Subventions agricoles en Corse Trois hauts fonctionnaires ont été entendus en garde à vue

AFP

Trois hauts fonctionnaires ont été interrogés en garde à vue mi-avril dans le cadre d'investigations à Paris sur des soupçons de fraudes aux aides agricoles européennes en Corse, a-t-on appris jeudi de source proche du dossier confirmant une information du Canard enchaîné.

Les gardes à vue, qui se sont déroulées la semaine dernière dans les locaux de la gendarmerie à Paris, ont été levées sans poursuite à ce stade, par une juge d'instruction du pôle financier du tribunal judiciaire de Paris, selon une source proche du dossier. Une information judiciaire sur des soupçons de fraudes aux subventions agricoles en Corse avait été ouverte en décembre 2019 par le parquet national financier (PNF) après un signalement des Inspections générales des finances et de l'administration et le Conseil général de l'alimentation, de l'agriculture et des espaces ruraux, ainsi qu'une plainte de l'association Anticor.
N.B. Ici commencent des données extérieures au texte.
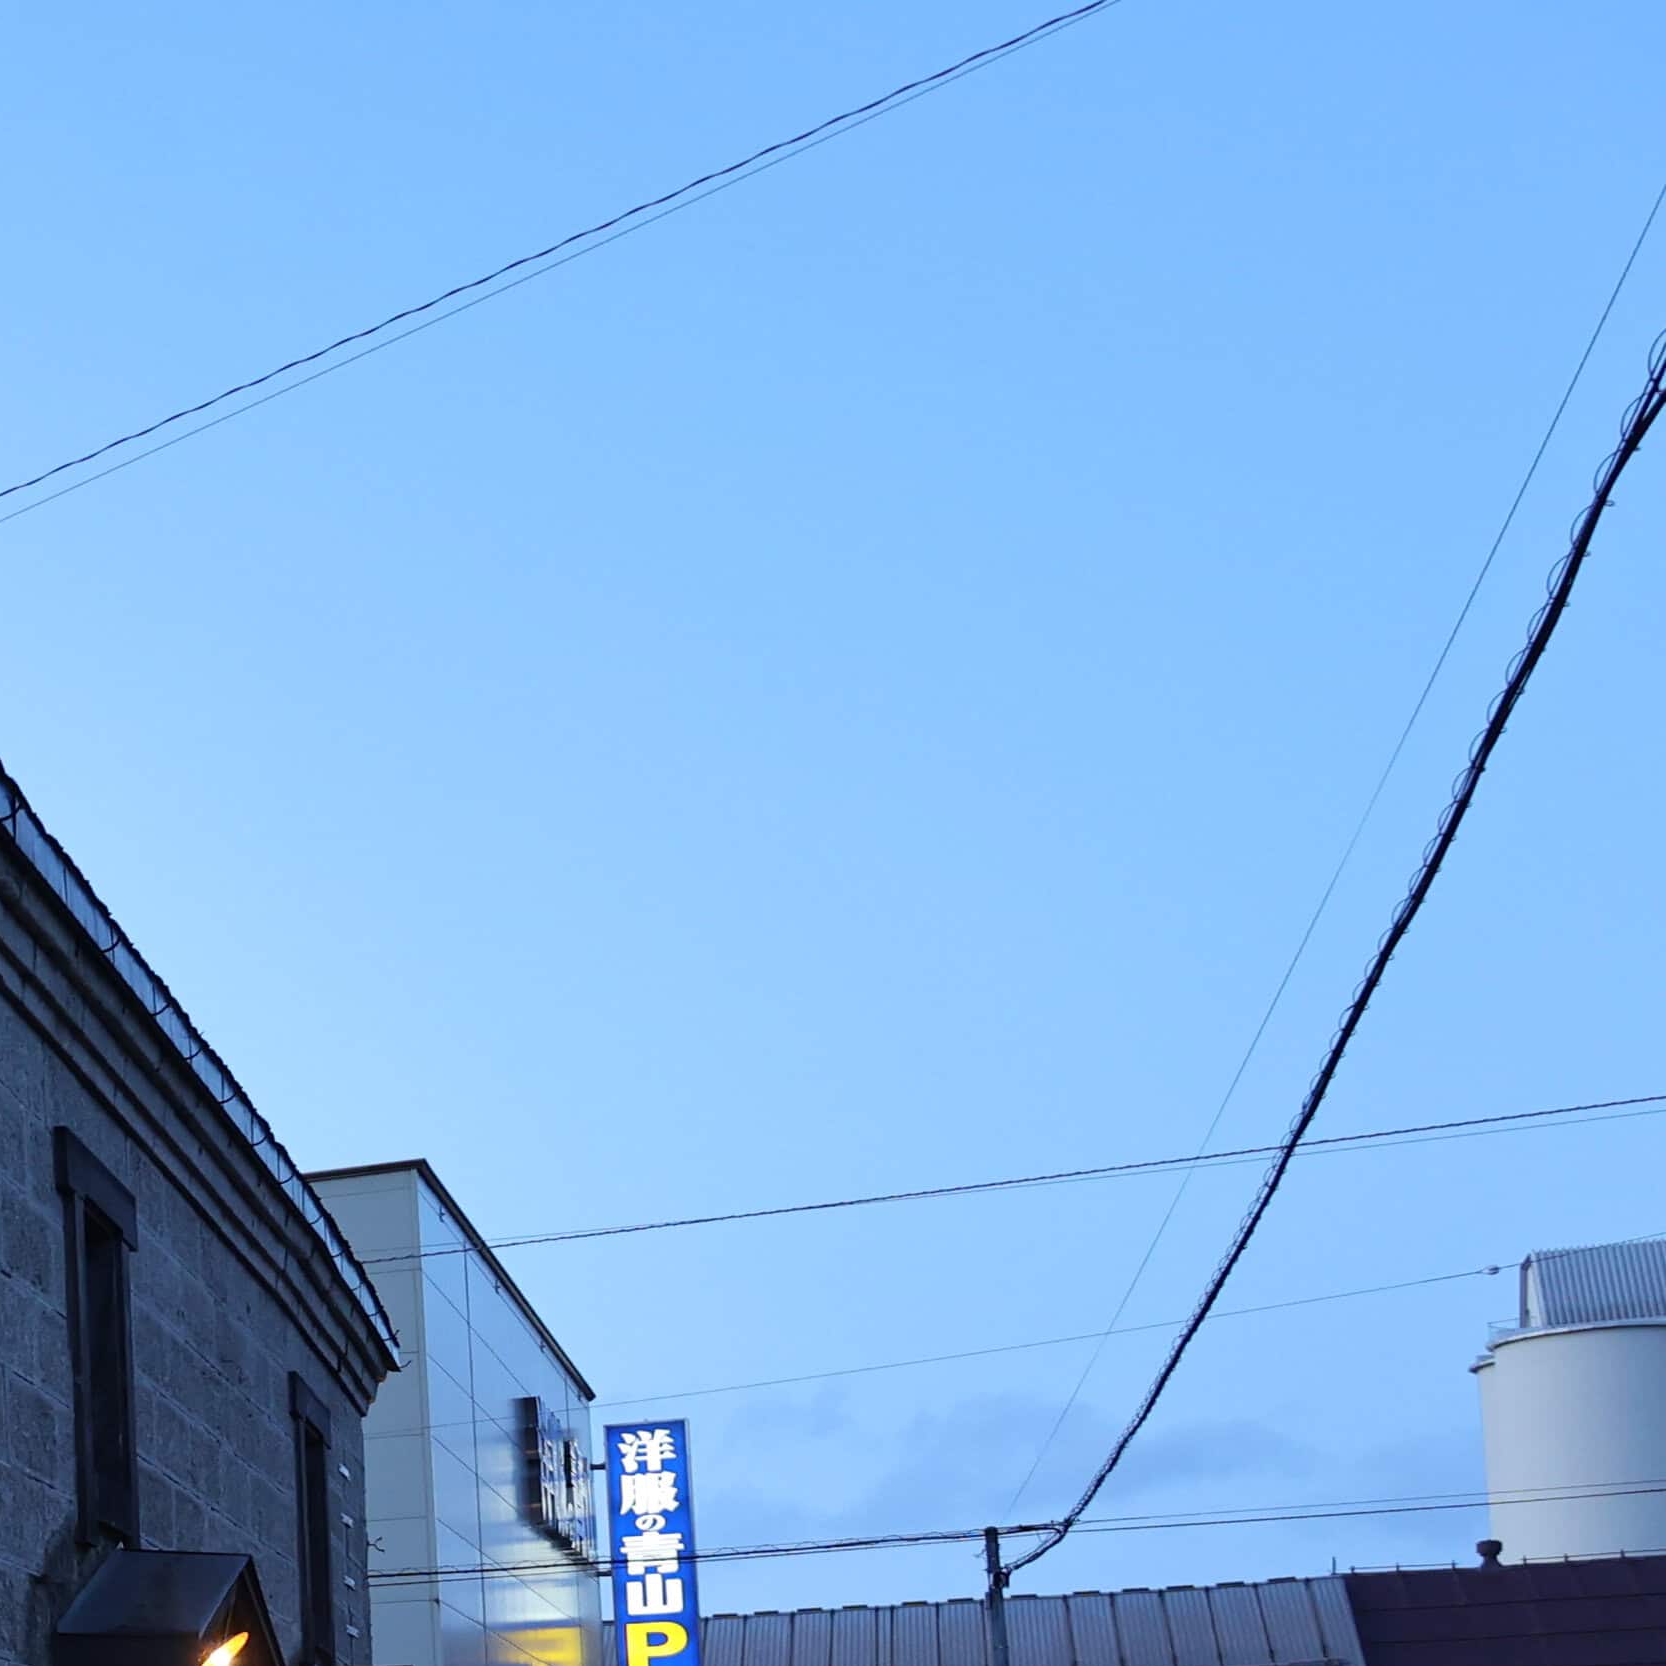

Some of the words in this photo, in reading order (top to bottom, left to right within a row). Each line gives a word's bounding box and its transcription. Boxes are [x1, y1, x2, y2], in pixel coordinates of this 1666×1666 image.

[617, 1428, 685, 1617] 洋服の青山
Selon le Canard enchaîné, des hauts fonctionnaires sont soupçonnés d'avoir proposé à des éleveurs corses, après une réunion au ministère de l'agriculture en janvier 2016, de détourner les aides allouées dans le cadre de la Politique agricole commune (PAC) de l'Union européenne. Prévues uniquement pour les éleveurs porcins exploitant les châtaigneraies et les chênaies, les subventions ont été étendues « à tous les éleveurs », selon le Canard enchaîné. Le montant « estimé, pour le moment, de la fraude totale sur les trois années concernées - 2015, 2016 et 2017 - est de 1,2 million d'euros », selon une source judiciaire.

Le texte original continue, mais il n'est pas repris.